#### Task instructions
Retype the entries exactly, but skip the pictures.

#### Material for this task
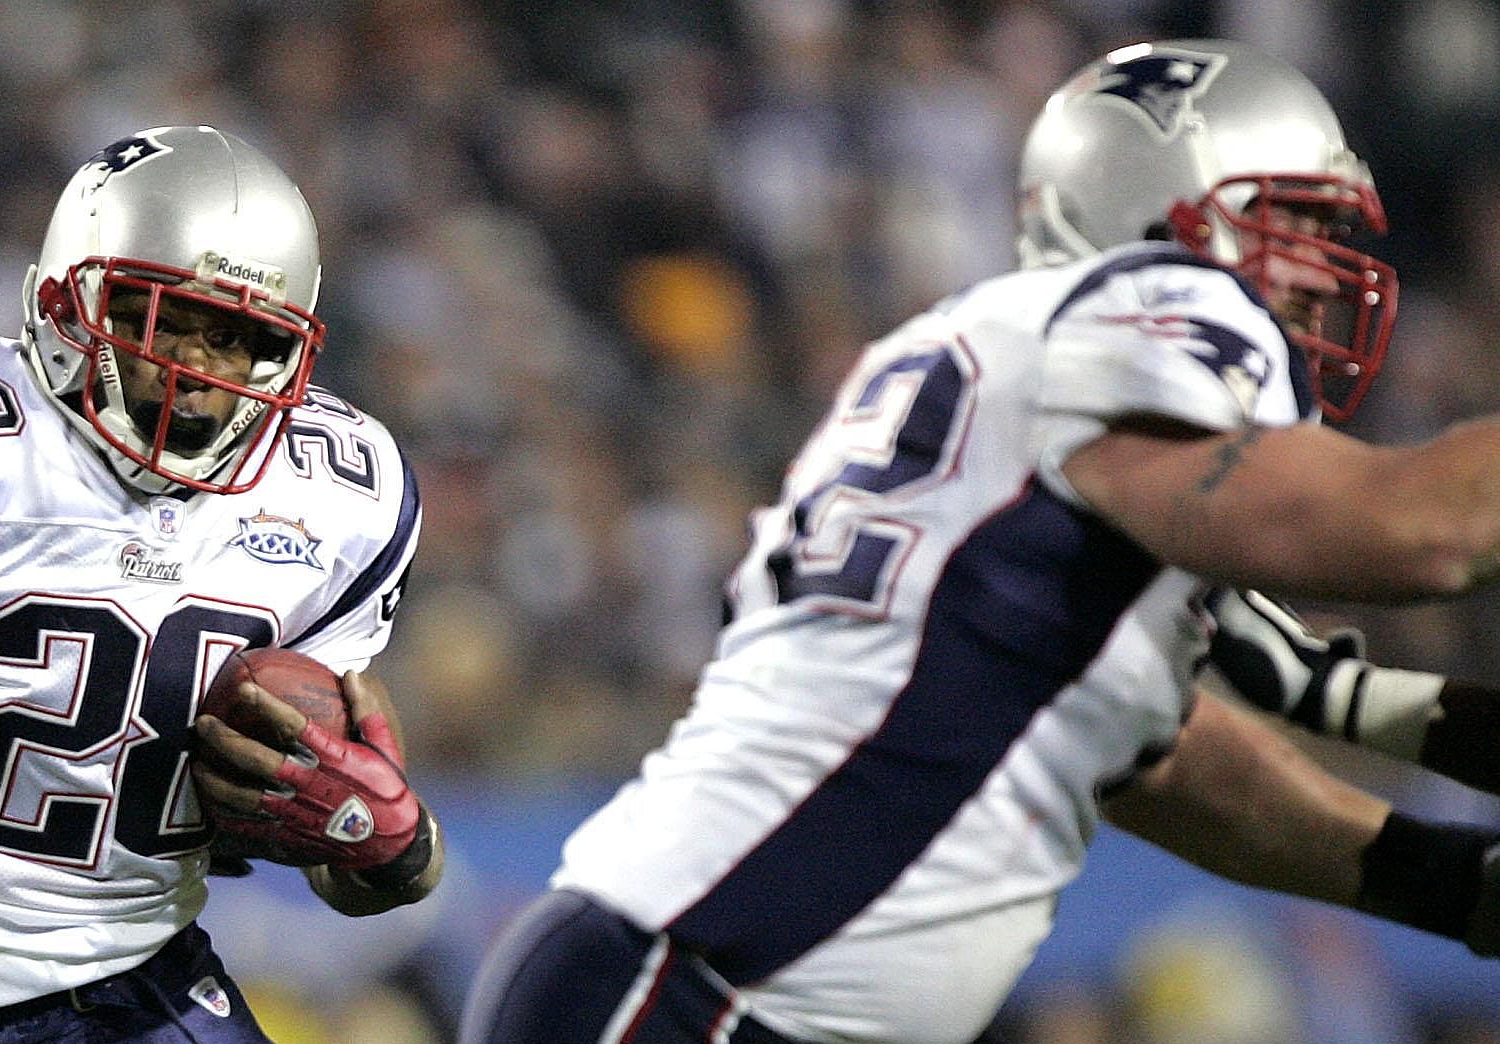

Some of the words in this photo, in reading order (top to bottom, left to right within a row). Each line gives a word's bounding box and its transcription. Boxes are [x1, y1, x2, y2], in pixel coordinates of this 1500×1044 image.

[217, 257, 264, 284] Riddell
[99, 340, 117, 384] ddell
[230, 517, 325, 571] XXXIX
[121, 551, 182, 582] Patriots

#### Task response
Some of the words in this photo, in reading order (top to bottom, left to right within a row). Each line gives a word's bounding box and its transcription. Boxes are [x1, y1, x2, y2], in pixel coordinates of this 1500×1044 image.

[217, 257, 264, 284] Riddell
[99, 340, 117, 384] ddell
[230, 517, 325, 571] XXXIX
[121, 551, 182, 582] Patriots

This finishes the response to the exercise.